Records contained in a dataset:
>>

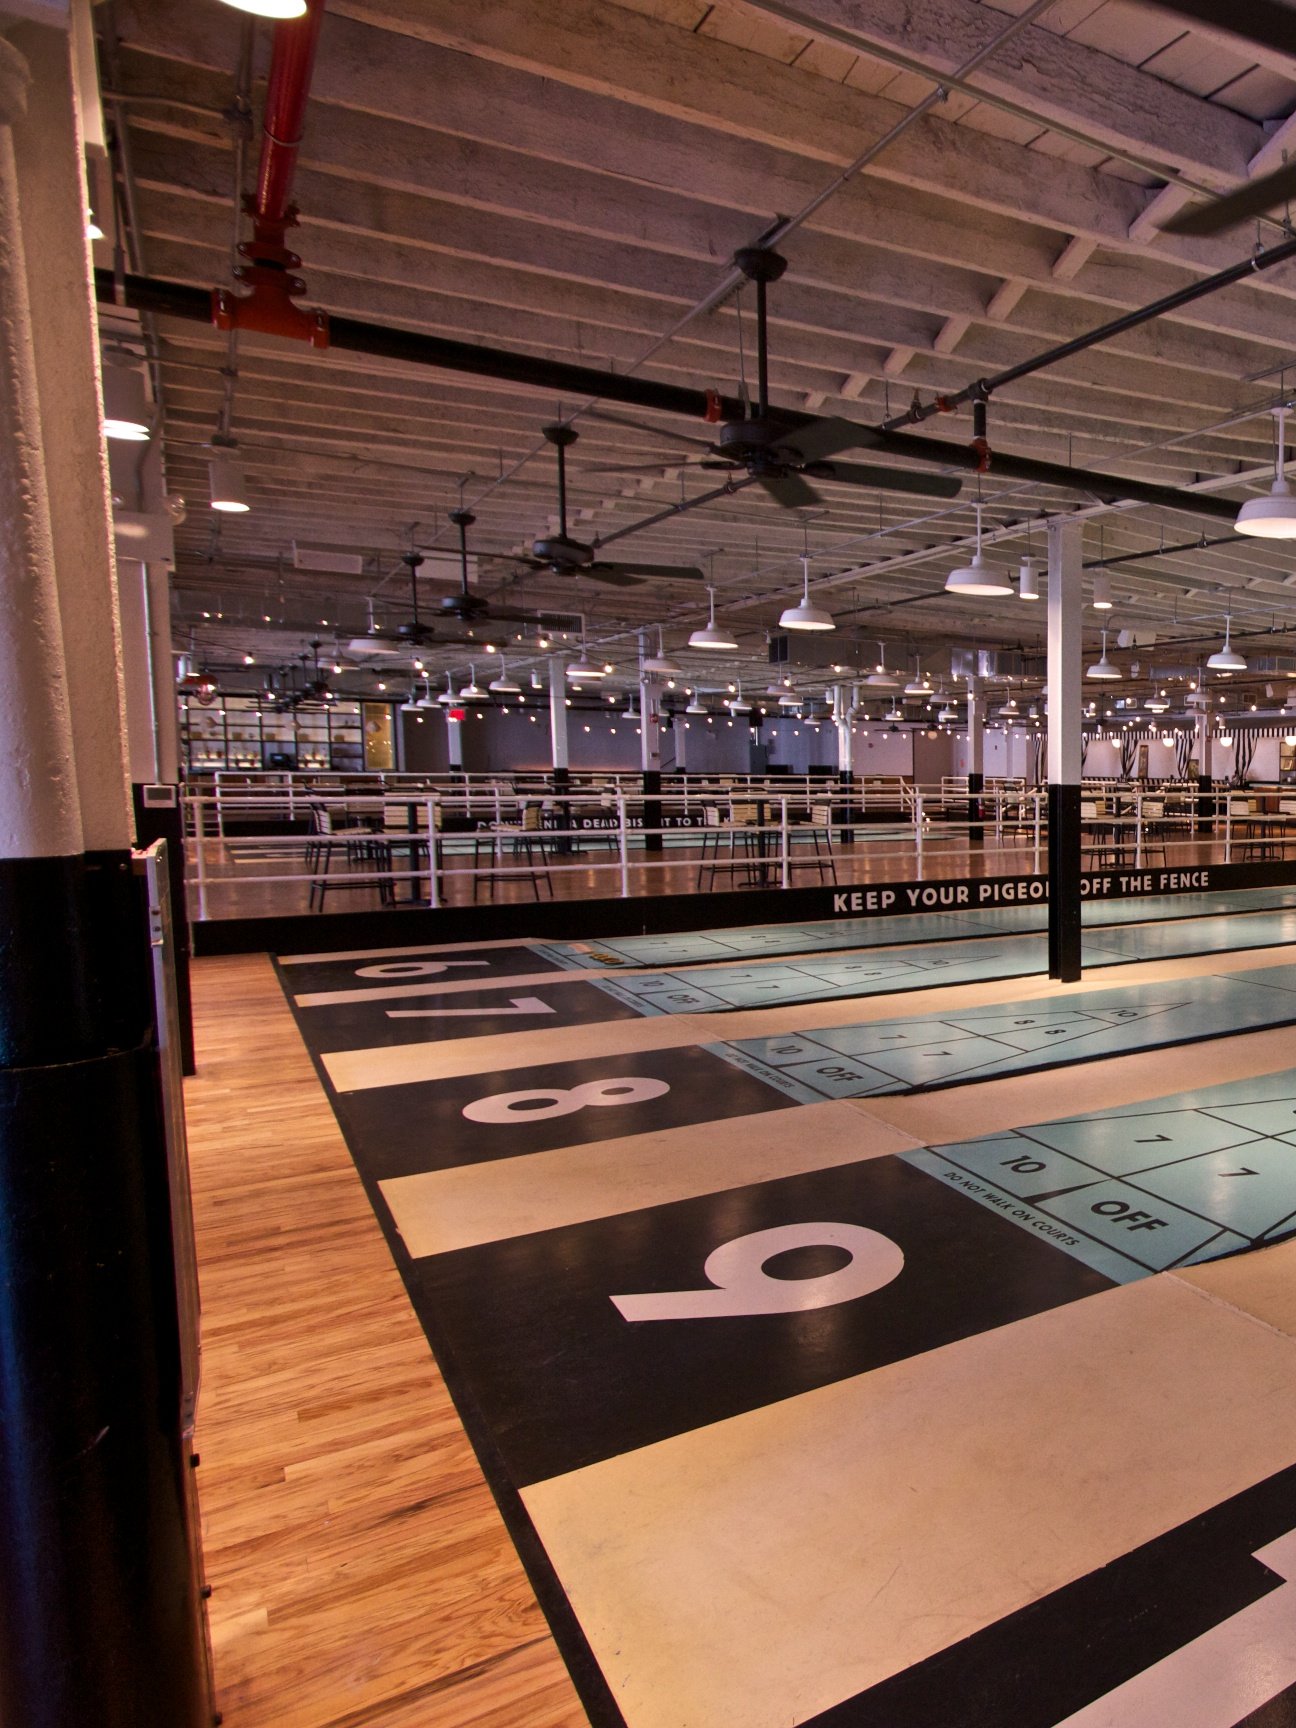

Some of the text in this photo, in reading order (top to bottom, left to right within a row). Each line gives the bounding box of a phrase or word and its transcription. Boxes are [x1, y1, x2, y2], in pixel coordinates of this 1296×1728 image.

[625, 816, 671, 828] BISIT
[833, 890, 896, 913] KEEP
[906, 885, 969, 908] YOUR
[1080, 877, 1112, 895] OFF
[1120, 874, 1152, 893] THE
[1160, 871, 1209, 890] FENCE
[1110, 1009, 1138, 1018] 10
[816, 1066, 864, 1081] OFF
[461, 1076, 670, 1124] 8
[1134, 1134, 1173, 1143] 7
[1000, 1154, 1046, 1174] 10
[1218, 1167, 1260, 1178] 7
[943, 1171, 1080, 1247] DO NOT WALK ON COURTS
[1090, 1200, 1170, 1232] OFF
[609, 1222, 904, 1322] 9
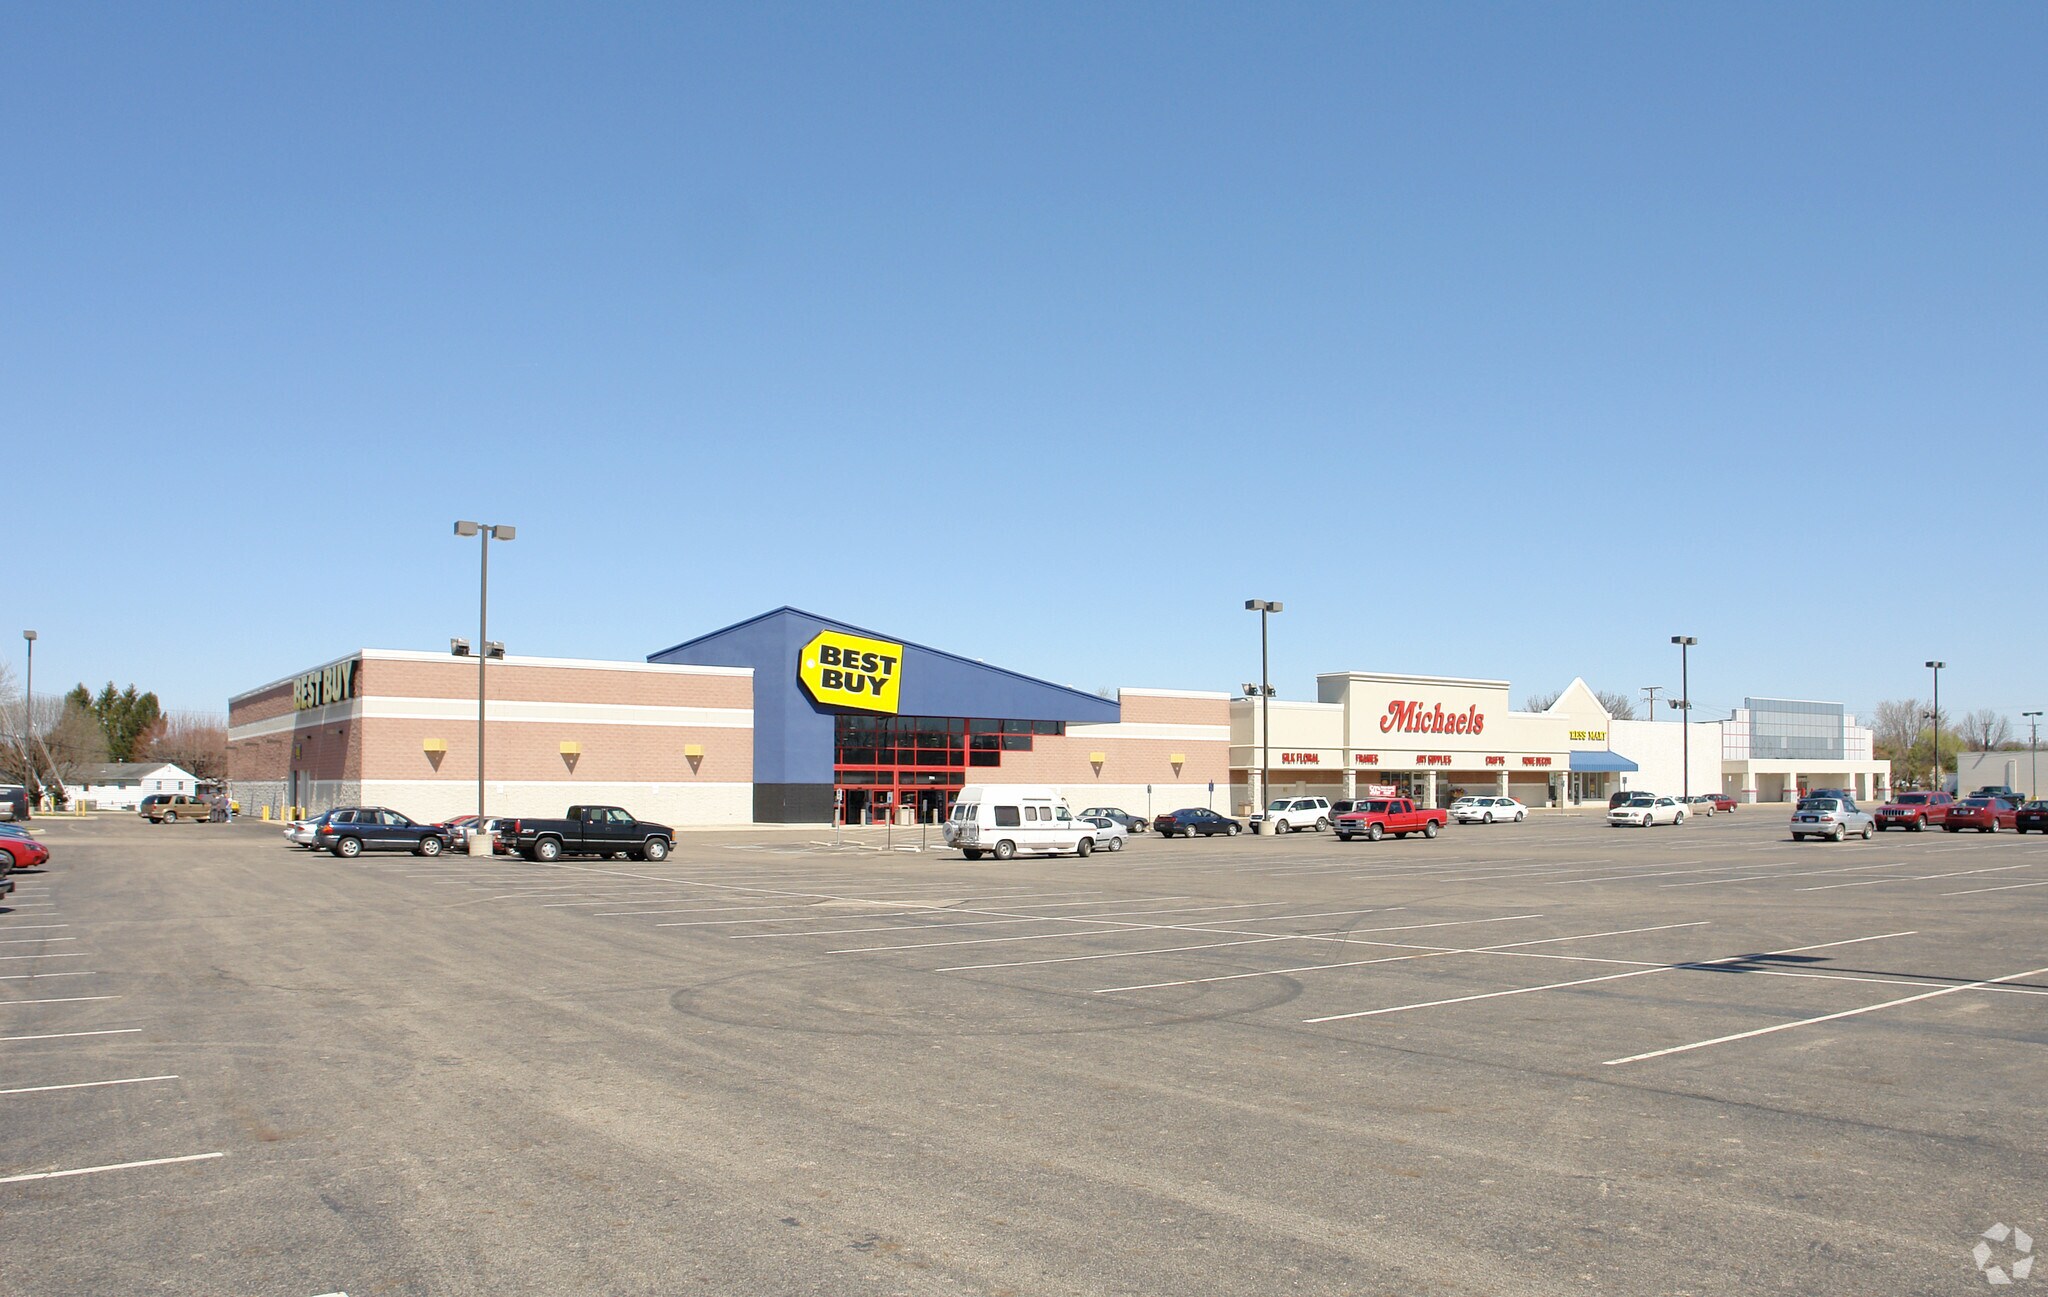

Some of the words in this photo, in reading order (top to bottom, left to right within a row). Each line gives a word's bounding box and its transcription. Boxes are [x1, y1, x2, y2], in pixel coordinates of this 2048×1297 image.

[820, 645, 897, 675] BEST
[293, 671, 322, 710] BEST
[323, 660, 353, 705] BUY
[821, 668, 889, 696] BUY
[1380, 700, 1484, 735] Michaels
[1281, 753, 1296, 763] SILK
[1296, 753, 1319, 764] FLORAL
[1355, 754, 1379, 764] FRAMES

<<

● **REQUIREMENT**
Please copy the data above exactly; the pictures do not belong in the copy.

● **TASK SOLUTION**
Some of the text in this photo, in reading order (top to bottom, left to right within a row). Each line gives the bounding box of a phrase or word and its transcription. Boxes are [x1, y1, x2, y2], in pixel coordinates of this 1296×1728 image.

[625, 816, 671, 828] BISIT
[833, 890, 896, 913] KEEP
[906, 885, 969, 908] YOUR
[1080, 877, 1112, 895] OFF
[1120, 874, 1152, 893] THE
[1160, 871, 1209, 890] FENCE
[1110, 1009, 1138, 1018] 10
[816, 1066, 864, 1081] OFF
[461, 1076, 670, 1124] 8
[1134, 1134, 1173, 1143] 7
[1000, 1154, 1046, 1174] 10
[1218, 1167, 1260, 1178] 7
[943, 1171, 1080, 1247] DO NOT WALK ON COURTS
[1090, 1200, 1170, 1232] OFF
[609, 1222, 904, 1322] 9

Some of the words in this photo, in reading order (top to bottom, left to right within a row). Each line gives a word's bounding box and its transcription. Boxes are [x1, y1, x2, y2], in pixel coordinates of this 2048×1297 image.

[820, 645, 897, 675] BEST
[293, 671, 322, 710] BEST
[323, 660, 353, 705] BUY
[821, 668, 889, 696] BUY
[1380, 700, 1484, 735] Michaels
[1281, 753, 1296, 763] SILK
[1296, 753, 1319, 764] FLORAL
[1355, 754, 1379, 764] FRAMES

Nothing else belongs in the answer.